# E46- how many miles are on yours?



## 3Aims (Mar 25, 2004)

Jan 04 purchase. About 9k miles. Only dealership visit was for an oil change at 7,500 miles. :eeps:


----------



## Staszek (Jan 28, 2004)

101,875

This was taken 2 weeks ago

Problems:
1) Climate control went haywire around 14k was replaced under warranty.
2) 2 Rear window regulators first one at aroune 30k replaced under warranty second one just recently I replaced myself $70.
3) Clutch was slipping, replaced under warranty at 30k, over 70k on new clutch no problems
4) Camshaft sensor went bad around 40k replaced under warranty
5) Gasket at the top of the engine had a very very slight leak and would burn a little bit of oil this was at 80k cost $200 to fix (probably would have been cheaper but I went to the dealer)

The rest I have changed wear and tear items myself brakes, belts, tuneup, etc. About to replaced my control arm bushings.

It may seem like alot but really in 4 years 100k my car has really only cost me the normal maintenance and $200 for a gasket and $70 for a window regulator.

Not to bad.


----------



## nate (Dec 24, 2001)

Nearly 62,000


----------



## NC540 (Jul 12, 2004)

wife has 156k on her 1999 323ia. Only problem we've had is replacement of a/c compressor at about 100k. Car runs like it just rolled off the showroom floor. I've always done all maintenance myself (after original 50k warranty). Replaced original spark plugs at 100k and they didn't even have carbon deposits. Auto transmission fluid is original lifetime fluid.


----------



## BahnBaum (Feb 25, 2004)

Artslinger said:


> With the less than stellar reliability and high dealer repairs costs I'd seriously think about buying the BMW extended warranty... if you can afford it.


BMW doesn't offer an extended warranty.

Alex


----------



## blkonblk330i (May 14, 2003)

49300 miles, MY2001 build date 6/00, extended service maintenance and regular warranty just ended last month. 
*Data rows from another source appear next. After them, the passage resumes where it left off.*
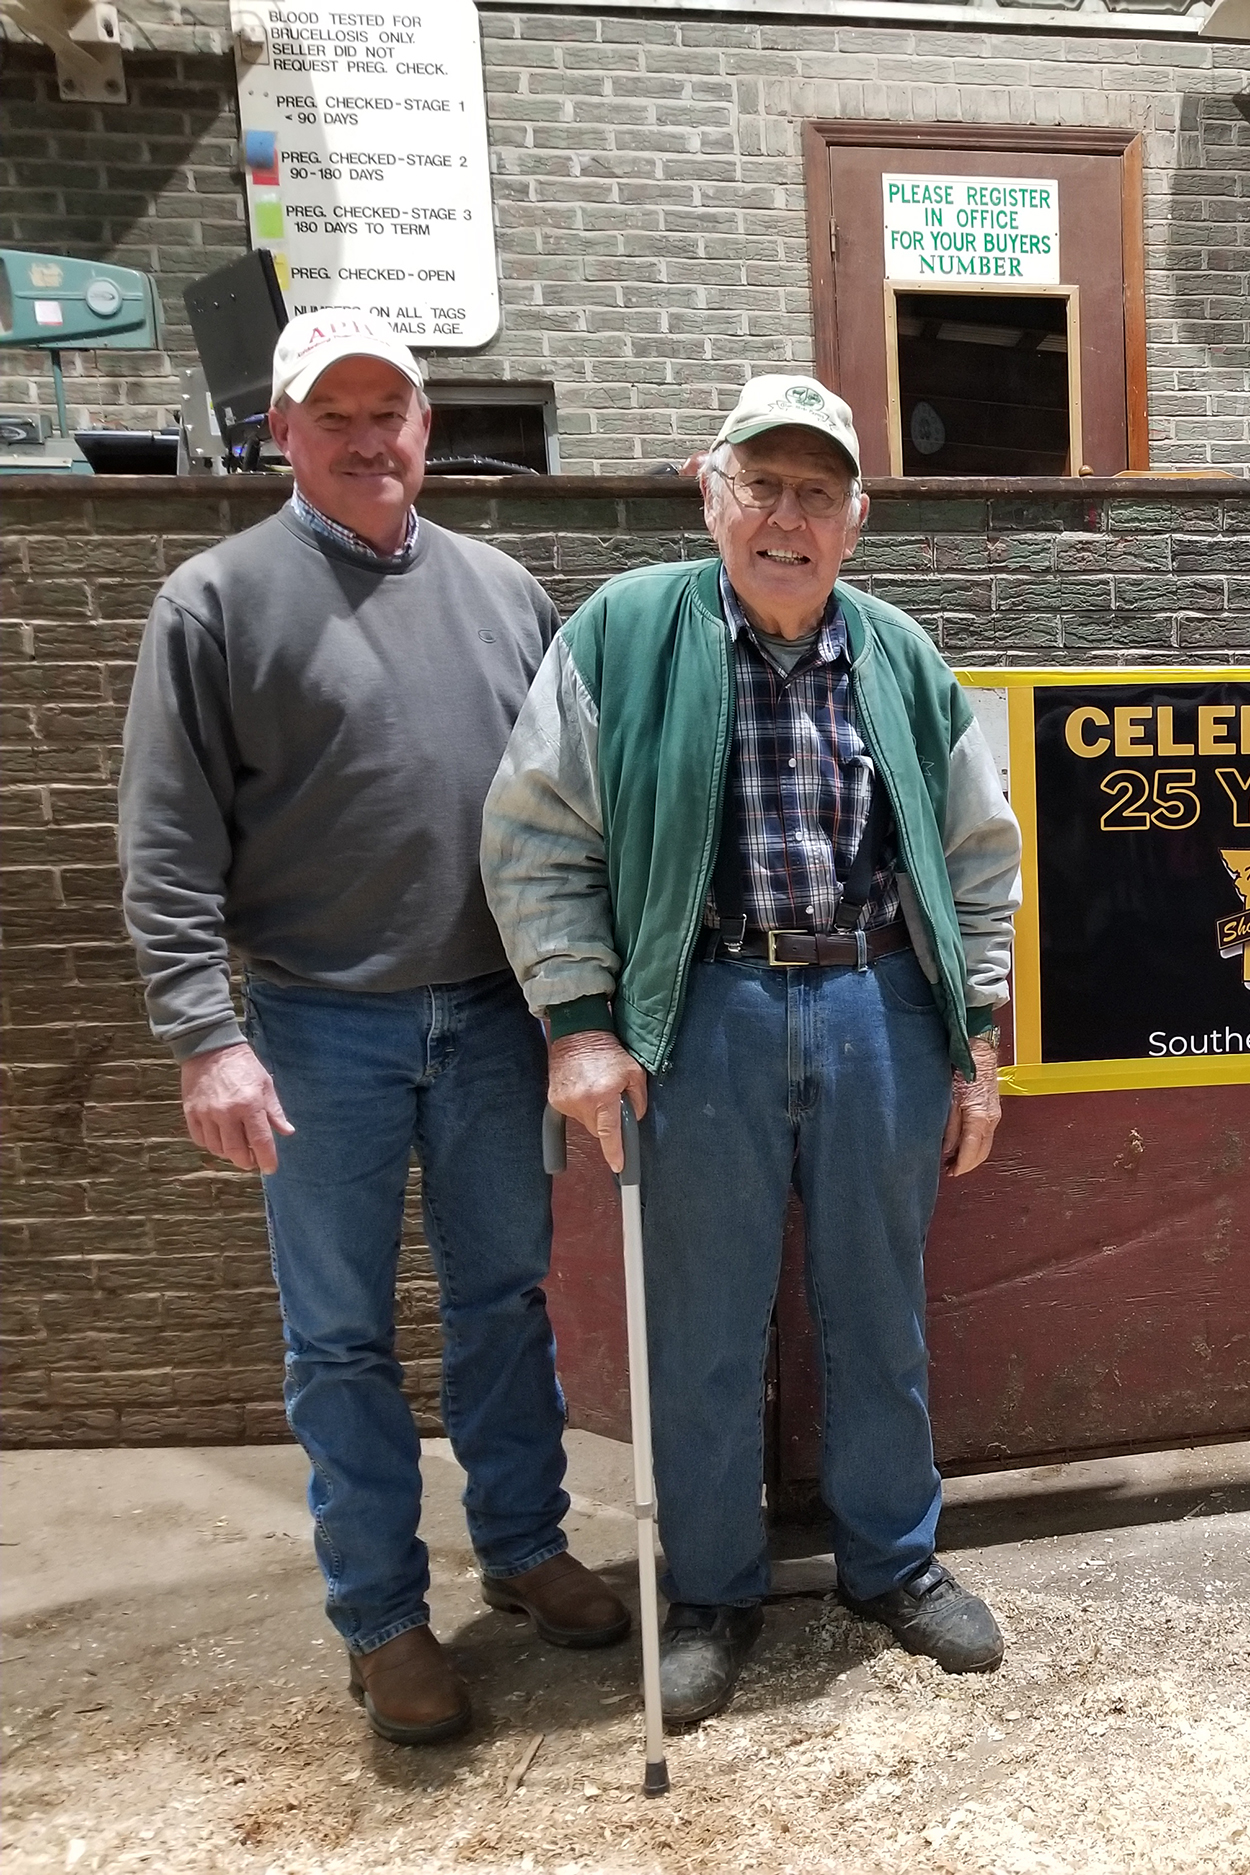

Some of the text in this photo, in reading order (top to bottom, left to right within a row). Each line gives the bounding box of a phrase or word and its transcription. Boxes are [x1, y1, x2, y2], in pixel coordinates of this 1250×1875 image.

[269, 11, 422, 28] BLOOD TESTED FOR
[270, 28, 415, 44] BRUCELLOSIS ONLY.
[272, 44, 395, 59] SELLER DID NOT
[273, 59, 448, 76] REQUEST PREG. CHECK.
[276, 95, 318, 108] PREG.
[458, 101, 465, 112] 1
[297, 112, 317, 125] 90
[324, 113, 359, 126] DAYS
[281, 151, 322, 164] PREG.
[459, 156, 468, 168] 2
[290, 167, 384, 181] 90-180 DAYS
[888, 183, 1051, 208] PLEASE REGISTER
[285, 205, 327, 218] PREG.
[463, 209, 472, 221] 3
[925, 208, 1019, 230] IN OFFICE
[295, 221, 430, 236] 180 DAYS TO TERM
[891, 230, 1051, 254] FOR YOUR BUYERS
[290, 267, 331, 280] PREG.
[918, 255, 1023, 277] NUMBER
[370, 306, 390, 318] ON
[396, 307, 422, 319] ALL
[430, 307, 466, 320] TAGS
[433, 323, 463, 335] AGE.
[1100, 768, 1200, 831] 25
No out of pocket repairs yet (knock on wood), but other than the regular service maintenance repairs, I had the following replaced/repaired under warranty:

sun roof cover clip
front control arm bushings
both front window regulators
water pump/thermostat
exhaust cam shaft sensor
front and rear brakes


----------



## Jim Seattle (Dec 20, 2001)

Am I the only one posting with a MY00? I have 323Ci with 34K.


----------



## Staszek (Jan 28, 2004)

Jim Seattle said:


> Am I the only one posting with a MY00? I have 323Ci with 34K.
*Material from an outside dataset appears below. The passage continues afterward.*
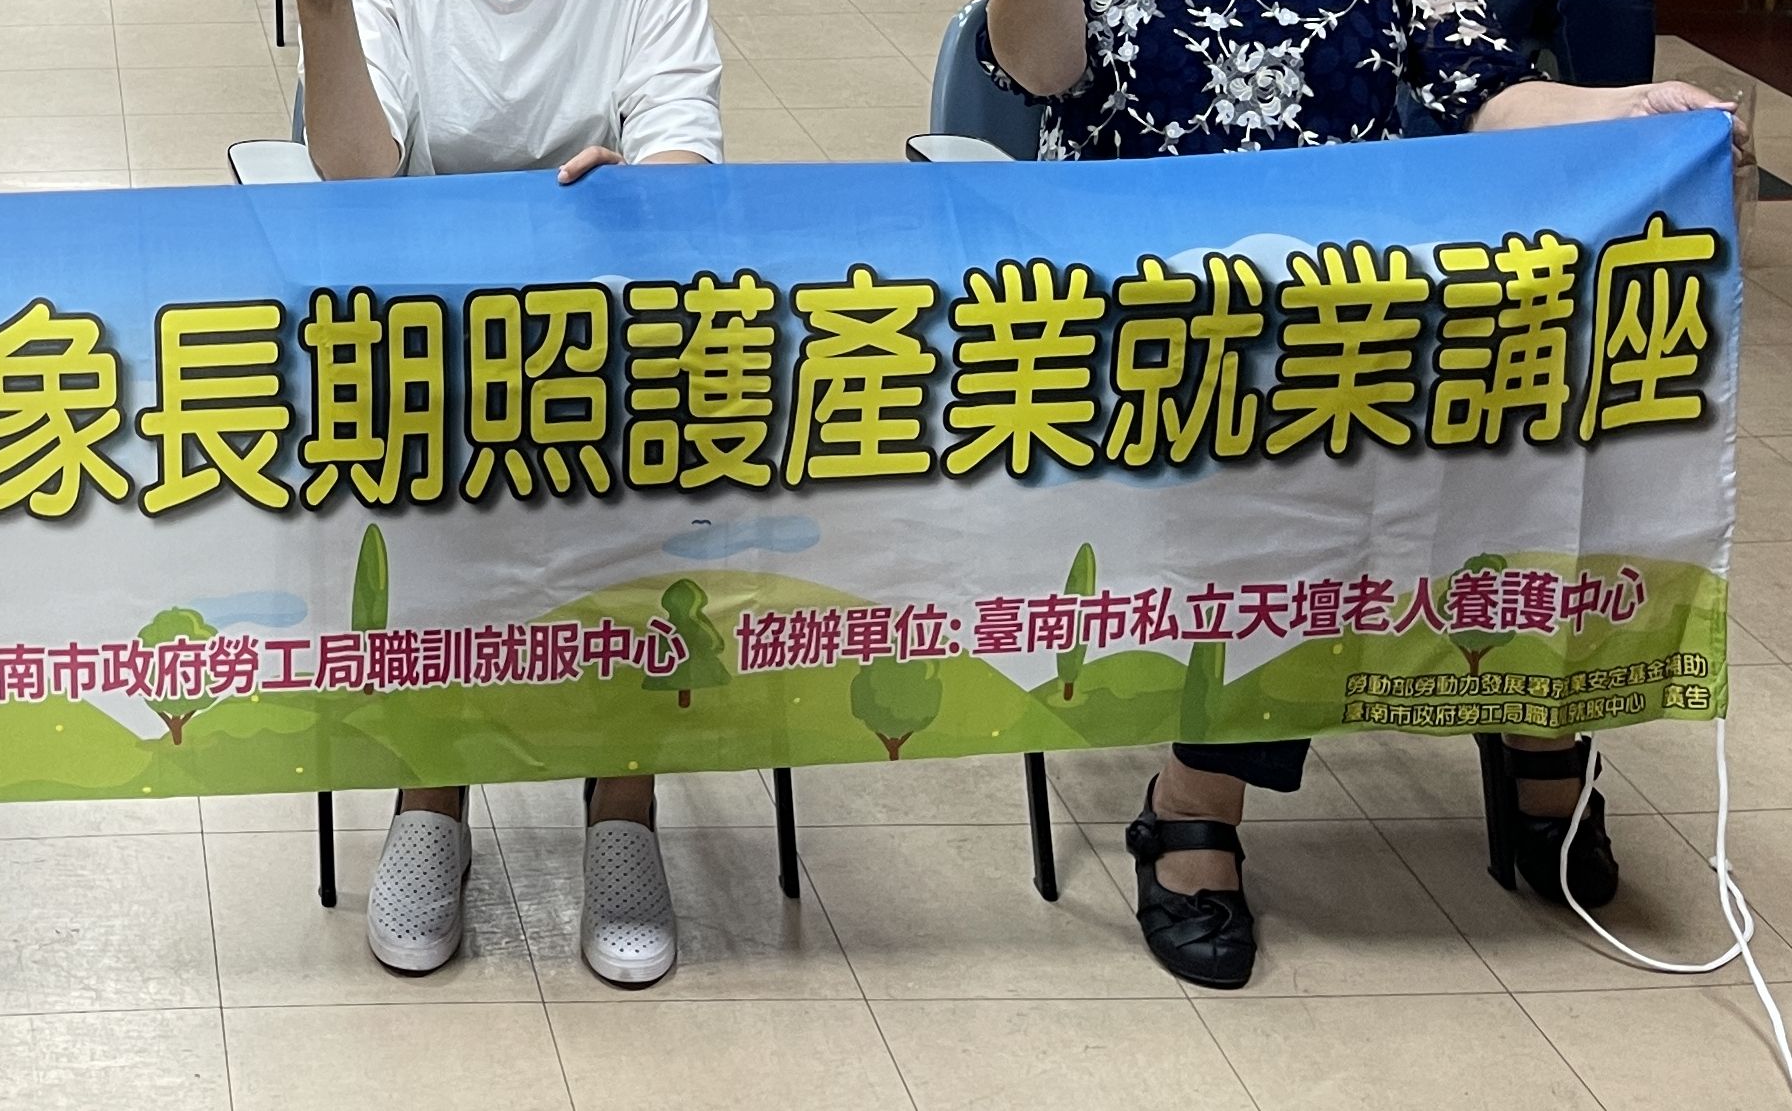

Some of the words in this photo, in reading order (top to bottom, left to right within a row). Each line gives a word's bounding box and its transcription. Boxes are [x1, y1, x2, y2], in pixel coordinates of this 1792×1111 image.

[736, 601, 962, 672] 協辦單位:
[971, 566, 1647, 656] 臺南市私立天壇老人養護中心
[1663, 683, 1711, 710] 廣告
Nope check my post 2000 323i 101k


----------



## bmw325 (Dec 19, 2001)

2001 325i, 24k

-Rattle from B-pillar (fixed with felt)
-Rattle from door sill (fixed with felt)
-squeak from C pillar reading lights (replaced w/ the non-metallic Euro versions)
-whiney differentail (fixed w/ butyl insulatino strip).


----------



## ChadS (Jan 4, 2002)

'01 325Ci - 59,700
'00 328i - 43,000

EDIT: I guess I should also add that for both cars, they have only really been to the dealer for basic maintenance. The 325Ci did have the throttle body go bad at around 5,000 miles and the driver's door seal replaced at 10,000 miles. I believe the control arms on the 328i were replaced around 38,000 too. Other than those things, the two cars have been flawless.


----------



## nexadan (Apr 30, 2004)

*2001 330CiC -- 70k*

2001 330CiC -- 70k

- control arm bushings
- glove box lock
- bloody stall problem started at about 60k...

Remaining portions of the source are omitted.